***** RECORDS FOR THE EXERCISE
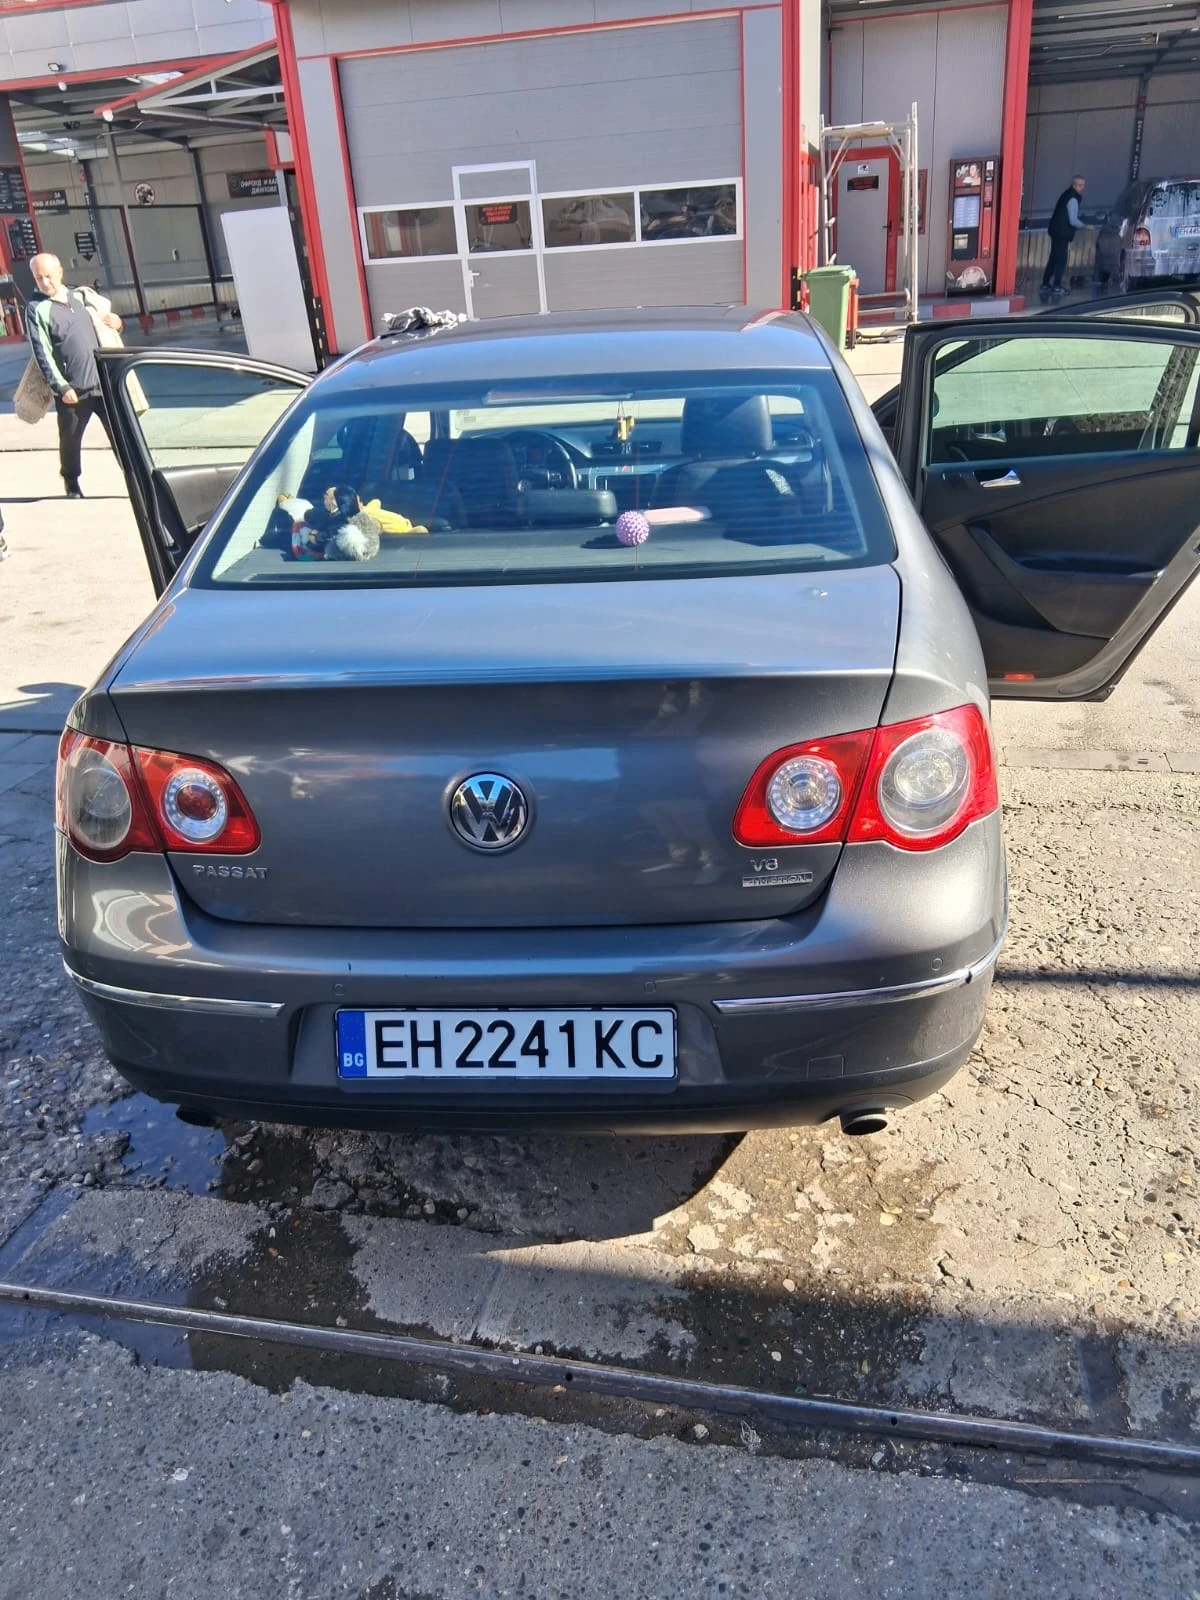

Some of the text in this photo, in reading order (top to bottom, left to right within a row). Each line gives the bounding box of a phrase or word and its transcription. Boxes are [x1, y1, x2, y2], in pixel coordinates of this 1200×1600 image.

[192, 864, 269, 879] PASSAT
[374, 1019, 664, 1070] EH 2241 KC
[342, 1052, 365, 1068] BG
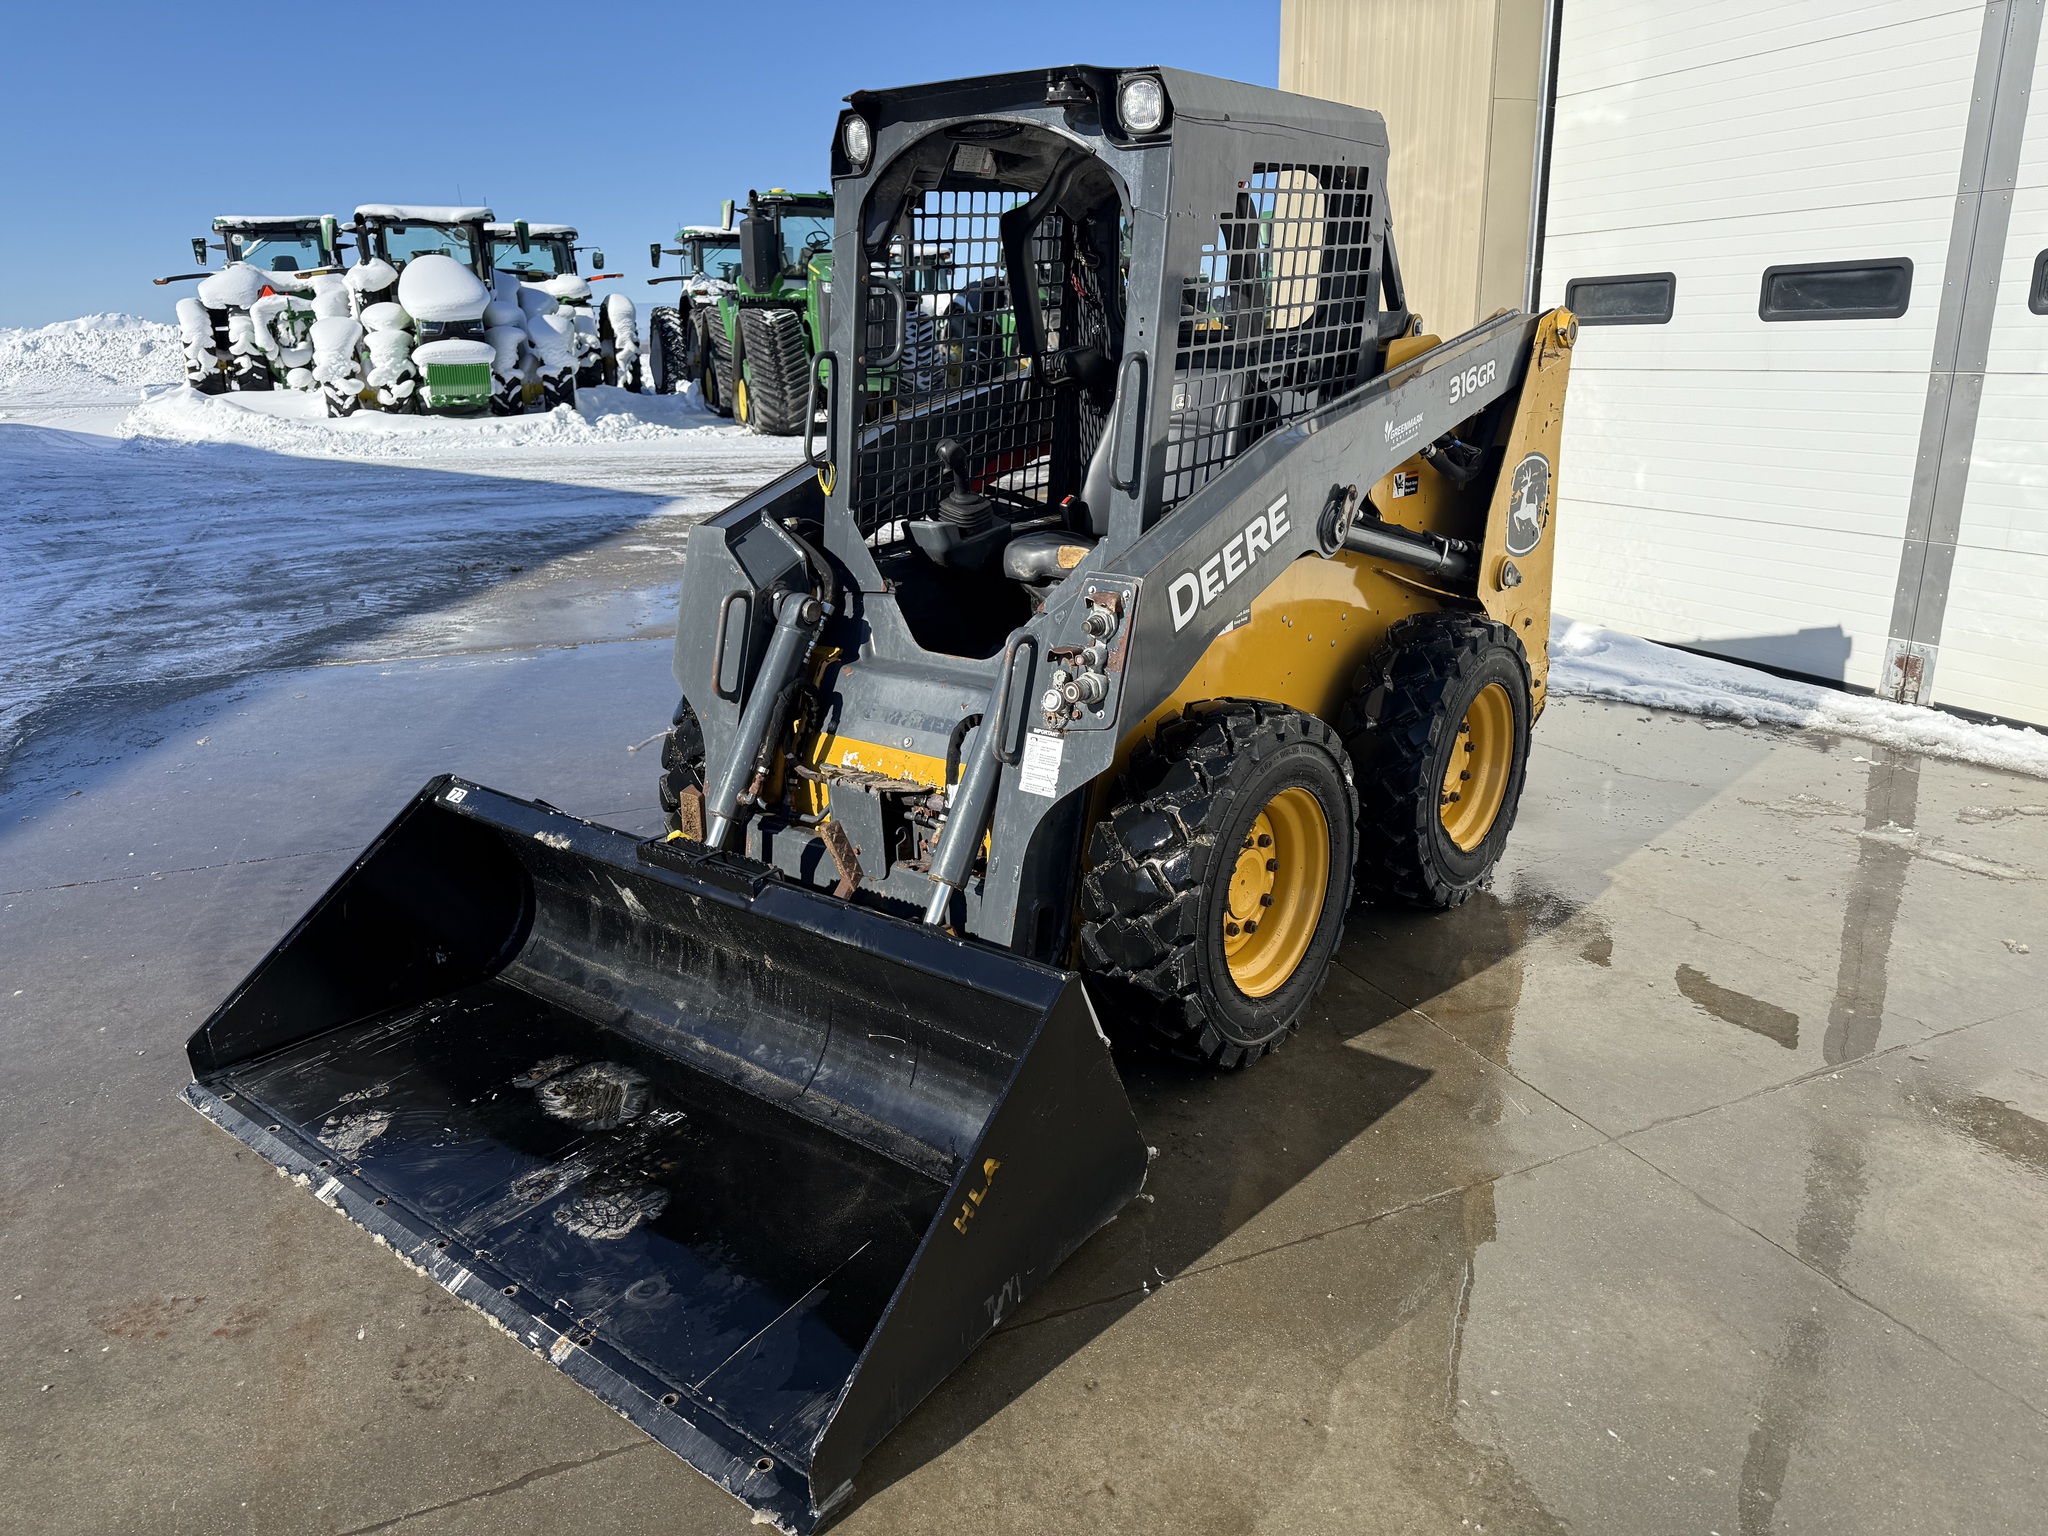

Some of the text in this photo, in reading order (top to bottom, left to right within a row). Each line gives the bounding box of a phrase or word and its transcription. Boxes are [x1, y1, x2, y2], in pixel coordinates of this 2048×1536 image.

[1449, 359, 1496, 404] 316GR
[1390, 412, 1424, 440] GREENMARK
[1168, 493, 1291, 633] DEERE
[1033, 727, 1060, 738] IMPORTANT
[449, 789, 464, 801] 72
[953, 1158, 1001, 1234] HLA
**********
EXERCISE INSTRUCTIONS> Repeat the entries exactly as they are given, leaving out each image.

ANSWER FOR THIS EXERCISE>
Some of the text in this photo, in reading order (top to bottom, left to right within a row). Each line gives the bounding box of a phrase or word and its transcription. Boxes are [x1, y1, x2, y2], in pixel coordinates of this 1200×1600 image.

[192, 864, 269, 879] PASSAT
[374, 1019, 664, 1070] EH 2241 KC
[342, 1052, 365, 1068] BG

Some of the text in this photo, in reading order (top to bottom, left to right within a row). Each line gives the bounding box of a phrase or word and its transcription. Boxes are [x1, y1, x2, y2], in pixel coordinates of this 2048×1536 image.

[1449, 359, 1496, 404] 316GR
[1390, 412, 1424, 440] GREENMARK
[1168, 493, 1291, 633] DEERE
[1033, 727, 1060, 738] IMPORTANT
[449, 789, 464, 801] 72
[953, 1158, 1001, 1234] HLA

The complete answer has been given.